La soirée a connu un coup de théâtre précoce : une vérification VAR impliquant Aymeric Laporte à la neuvième minute. Aucune sanction confirmée, aucun détail divulgué — mais pendant une partie de ces premières minutes, l'Espagne a joué avec la nervosité d'une équipe qui sentait que quelque chose pouvait lui être retiré. Les supporters discuteront de ce moment longtemps après le vol de retour.
Une fois la tension dissipée, l'Espagne a fait ce qu'elle fait de mieux : étouffer. Soixante-cinq pour cent de possession, quatre-vingt-onze pour cent de précision de passe, neuf corners. Mikel Oyarzabal a ouvert le score à la trente-sixième minute avec le timing discret et dévastateur qui le caractérise — apparaissant dans des espaces qui ne devraient tout simplement pas exister. Il a terminé la soirée avec un doublé, ajoutant un second but à la quatre-vingt-neuvième minute, et une note de 9,59. Le but de Pedro Porro à la soixante-sixième minute a récompensé une performance offensive qui lui a valu 8,76, tandis que Marc Cucurella et Alex Baena ont pressé et sondé sans relâche à 8,5 chacun.
L'Autriche mérite aussi des mots honnêtes. Sa seule grande occasion a été gâchée. Quatre remplacements à la mi-temps — dont Carney Chukwuemeka et Florian Grillitsch — ont été audacieux, mais ils n'ont pas pu créer l'espace que la formation espagnole refusait d'offrir. Quinze fautes racontent une histoire de frustration, pas de physique. Stefan Posch a reçu un carton jaune à la quatre-vingt-troisième minute et a été retiré peu après — une note de bas de page pour une soirée que l'Autriche voudra oublier.

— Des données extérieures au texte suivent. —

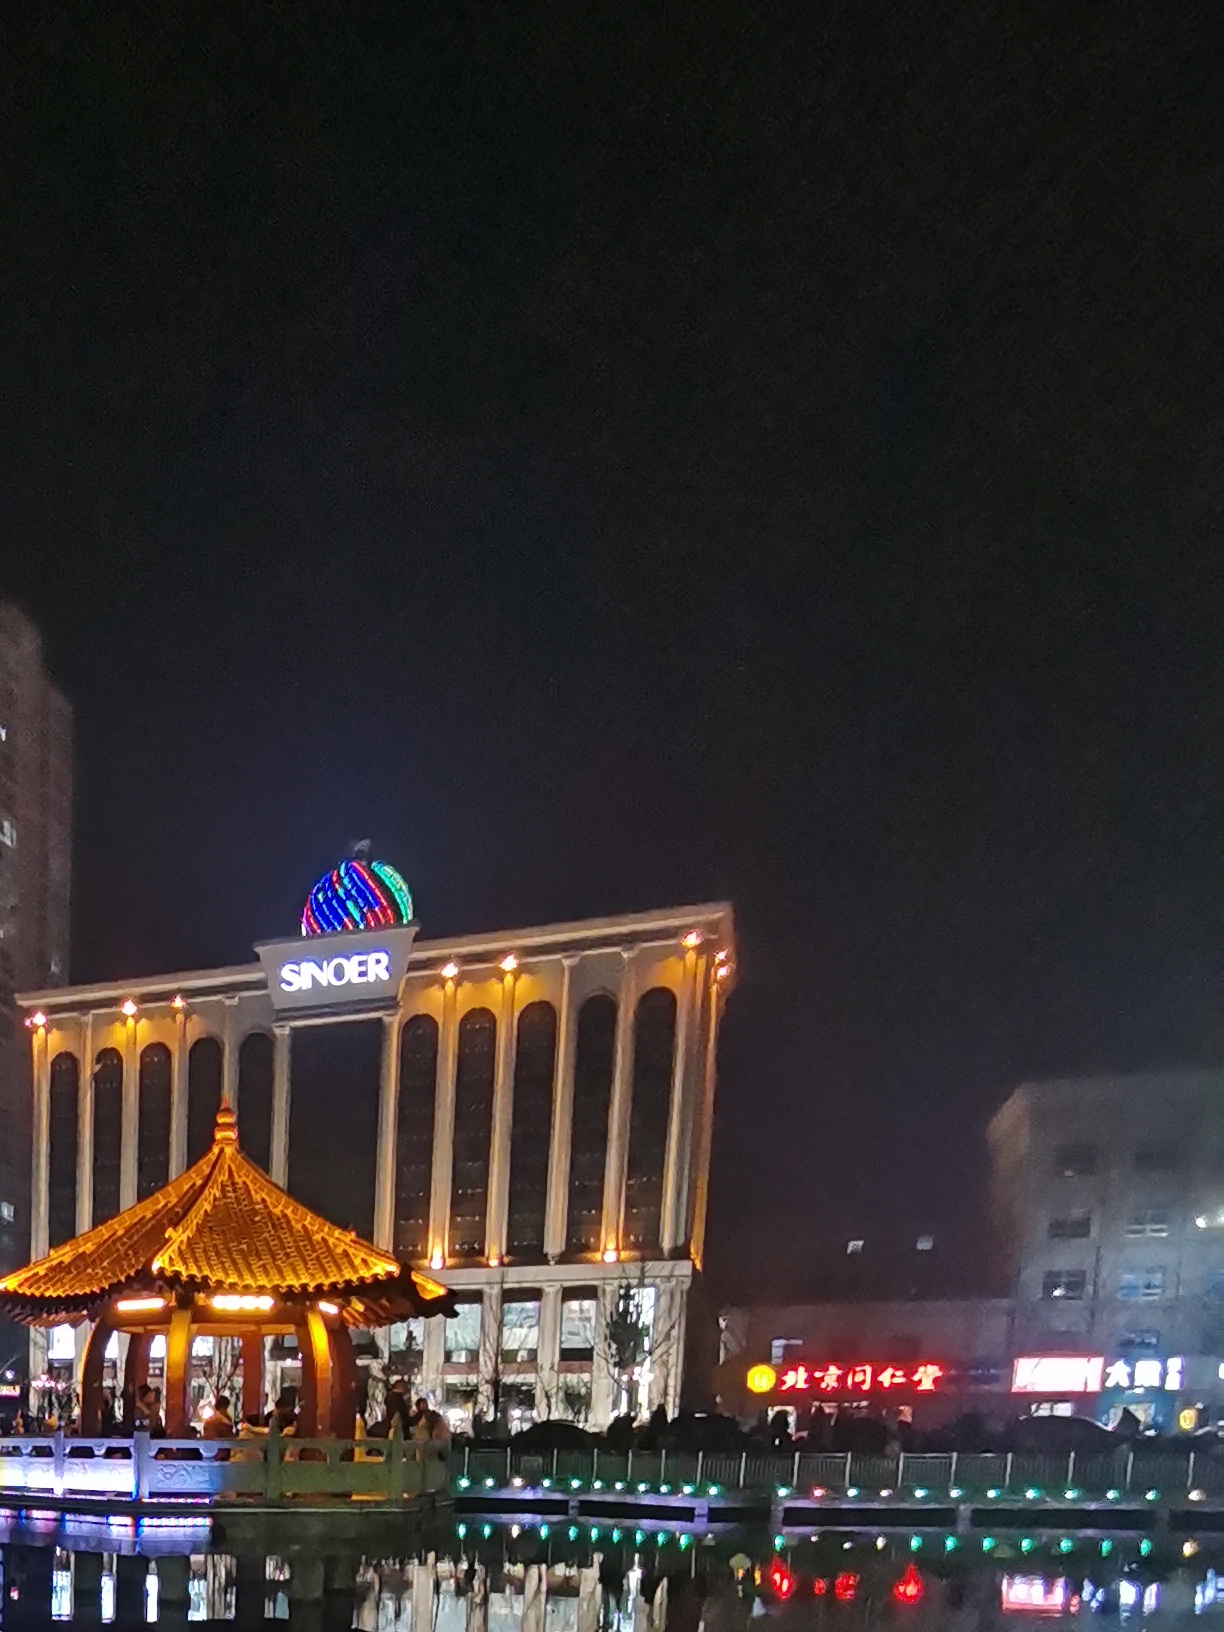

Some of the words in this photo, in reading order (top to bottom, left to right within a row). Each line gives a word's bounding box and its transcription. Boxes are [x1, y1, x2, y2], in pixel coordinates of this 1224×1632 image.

[279, 951, 390, 992] SINOER
[778, 1363, 944, 1392] 北京同仁堂

Où l'Autriche a-t-elle vraiment tout perdu ? La première mi-temps. Pas de corners, à peine un tiers de la possession — l'Espagne a mis la pression à un rythme de marche tandis que l'Autriche n'a jamais pressé assez haut pour perturber. Au moment où ils ont cherché plus en seconde période, la porte était déjà en train de se refermer.
Le xG — 2,84 contre 0,32 — confirme ce que l'œil a vu. Ce n'était pas un coup de chance. L'Espagne était meilleure à tous égards mesurables.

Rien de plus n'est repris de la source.